__Activity__. Because the entries hold pictures, reproduce only their words, exactly as written.
※ ※ ※
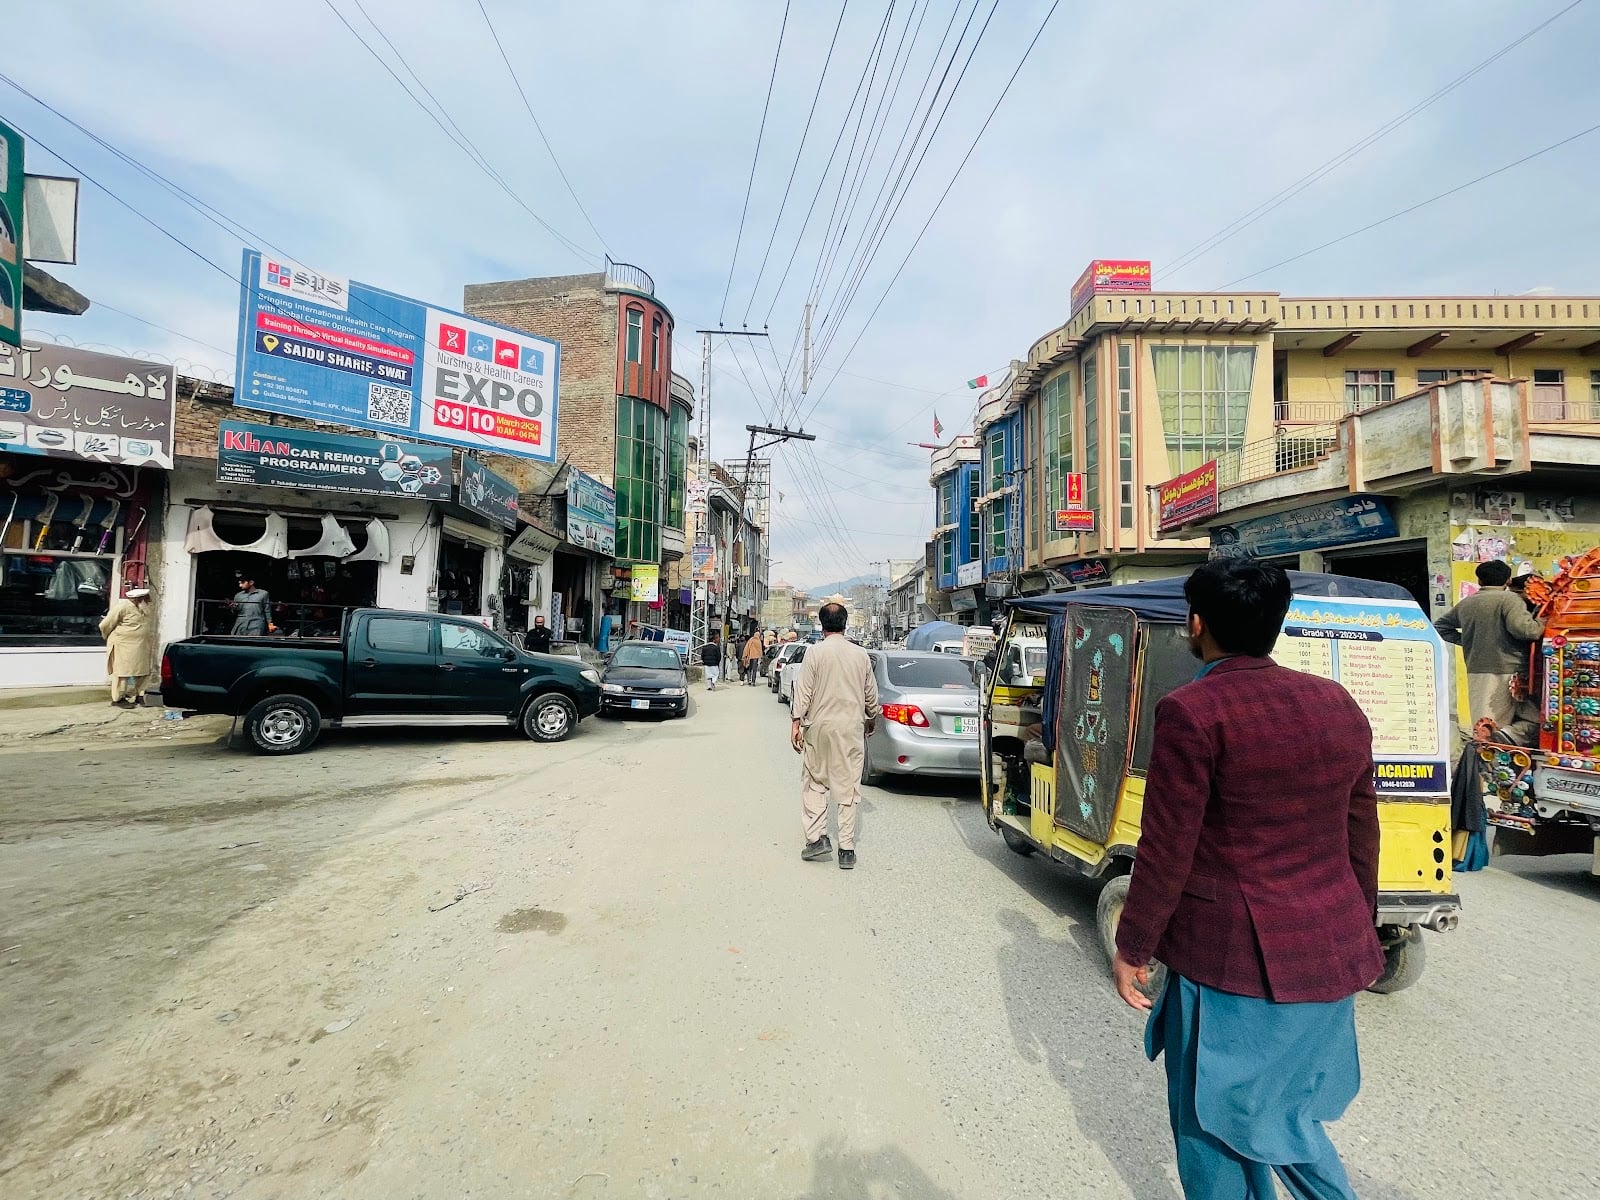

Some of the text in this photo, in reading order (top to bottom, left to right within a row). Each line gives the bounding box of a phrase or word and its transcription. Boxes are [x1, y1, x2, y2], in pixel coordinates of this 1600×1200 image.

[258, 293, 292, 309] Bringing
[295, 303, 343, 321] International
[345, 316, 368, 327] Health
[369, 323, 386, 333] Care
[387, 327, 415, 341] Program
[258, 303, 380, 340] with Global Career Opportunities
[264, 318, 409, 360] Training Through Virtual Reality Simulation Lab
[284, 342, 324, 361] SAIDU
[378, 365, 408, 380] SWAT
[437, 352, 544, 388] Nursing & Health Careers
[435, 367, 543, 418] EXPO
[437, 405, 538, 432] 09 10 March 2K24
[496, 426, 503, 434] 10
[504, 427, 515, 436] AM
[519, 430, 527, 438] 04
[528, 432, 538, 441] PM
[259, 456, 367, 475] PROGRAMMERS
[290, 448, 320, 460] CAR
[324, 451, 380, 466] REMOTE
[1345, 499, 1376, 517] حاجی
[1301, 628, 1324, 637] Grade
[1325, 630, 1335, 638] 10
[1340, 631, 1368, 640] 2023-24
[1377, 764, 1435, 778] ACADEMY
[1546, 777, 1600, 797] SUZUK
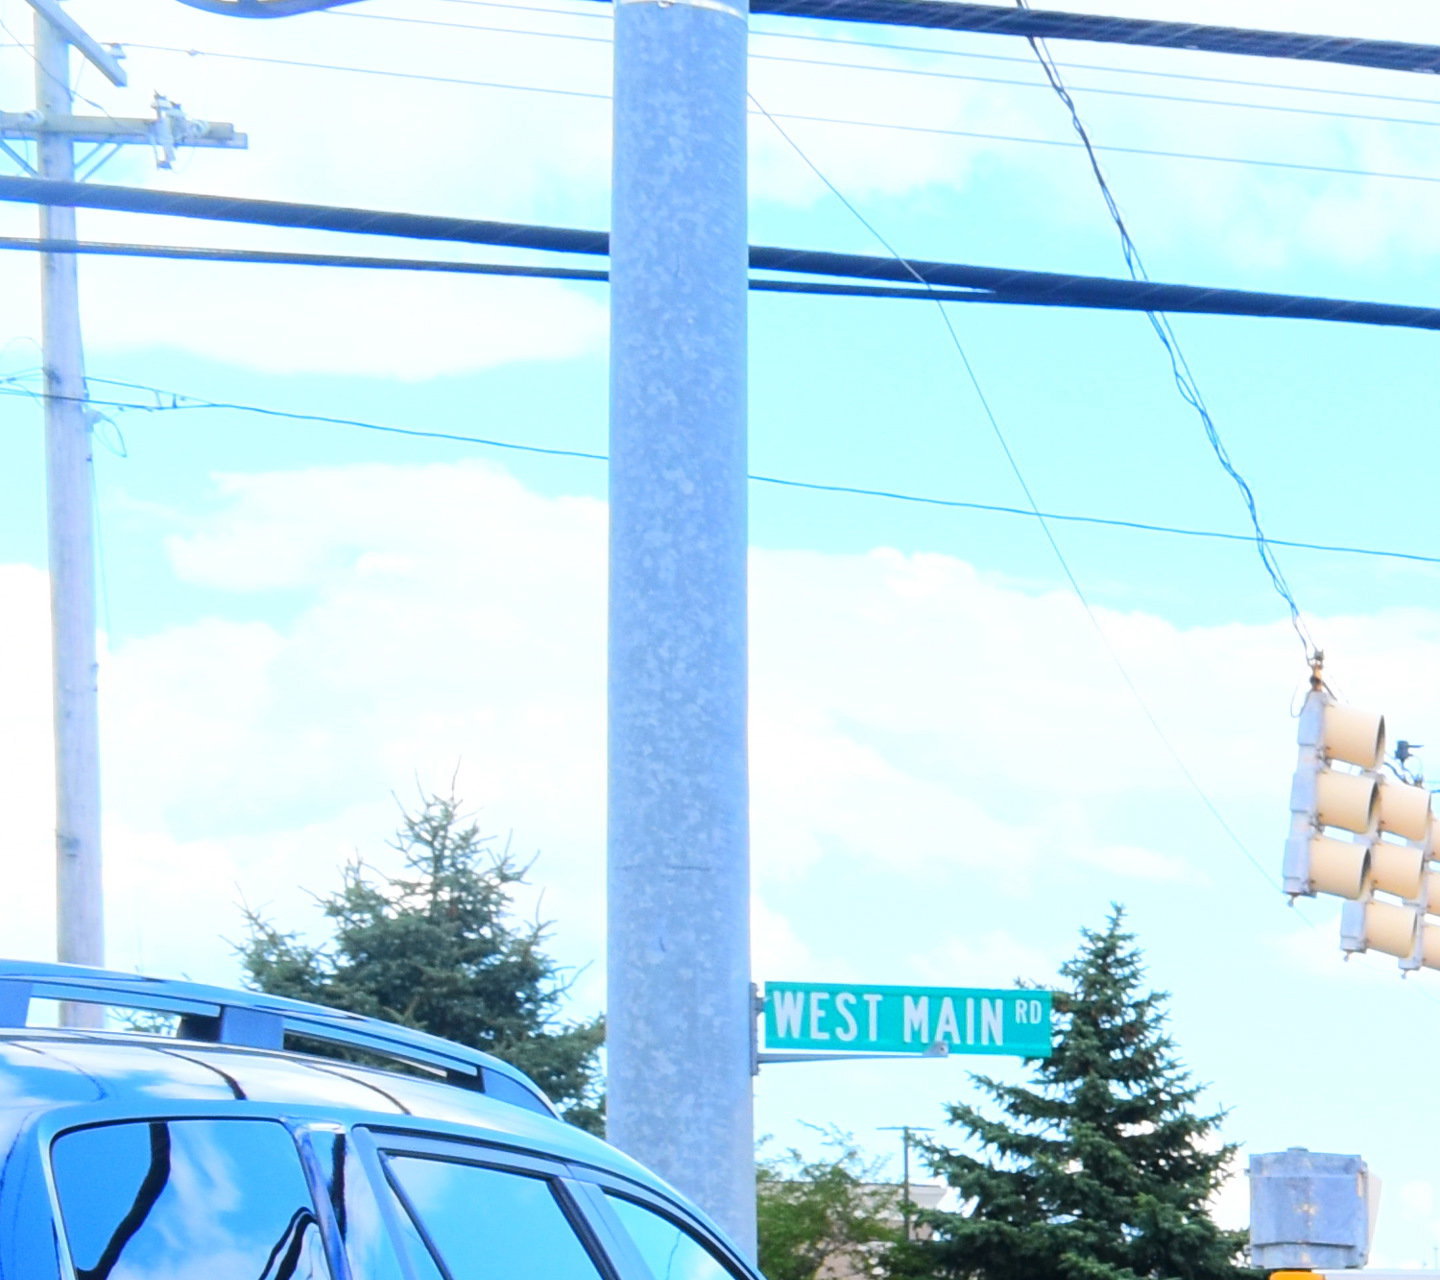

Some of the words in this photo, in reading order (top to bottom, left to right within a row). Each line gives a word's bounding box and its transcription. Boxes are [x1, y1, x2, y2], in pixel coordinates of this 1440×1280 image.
※ ※ ※
__Answer section__.
Some of the text in this photo, in reading order (top to bottom, left to right within a row). Each line gives the bounding box of a phrase or word and its transcription. Boxes are [x1, y1, x2, y2], in pixel coordinates of this 1600×1200 image.

[258, 293, 292, 309] Bringing
[295, 303, 343, 321] International
[345, 316, 368, 327] Health
[369, 323, 386, 333] Care
[387, 327, 415, 341] Program
[258, 303, 380, 340] with Global Career Opportunities
[264, 318, 409, 360] Training Through Virtual Reality Simulation Lab
[284, 342, 324, 361] SAIDU
[378, 365, 408, 380] SWAT
[437, 352, 544, 388] Nursing & Health Careers
[435, 367, 543, 418] EXPO
[437, 405, 538, 432] 09 10 March 2K24
[496, 426, 503, 434] 10
[504, 427, 515, 436] AM
[519, 430, 527, 438] 04
[528, 432, 538, 441] PM
[259, 456, 367, 475] PROGRAMMERS
[290, 448, 320, 460] CAR
[324, 451, 380, 466] REMOTE
[1345, 499, 1376, 517] حاجی
[1301, 628, 1324, 637] Grade
[1325, 630, 1335, 638] 10
[1340, 631, 1368, 640] 2023-24
[1377, 764, 1435, 778] ACADEMY
[1546, 777, 1600, 797] SUZUK

Some of the words in this photo, in reading order (top to bottom, left to right within a row). Each line gives a word's bounding box and its transcription. Boxes are [x1, y1, x2, y2], in pixel coordinates of this 1440×1280 image.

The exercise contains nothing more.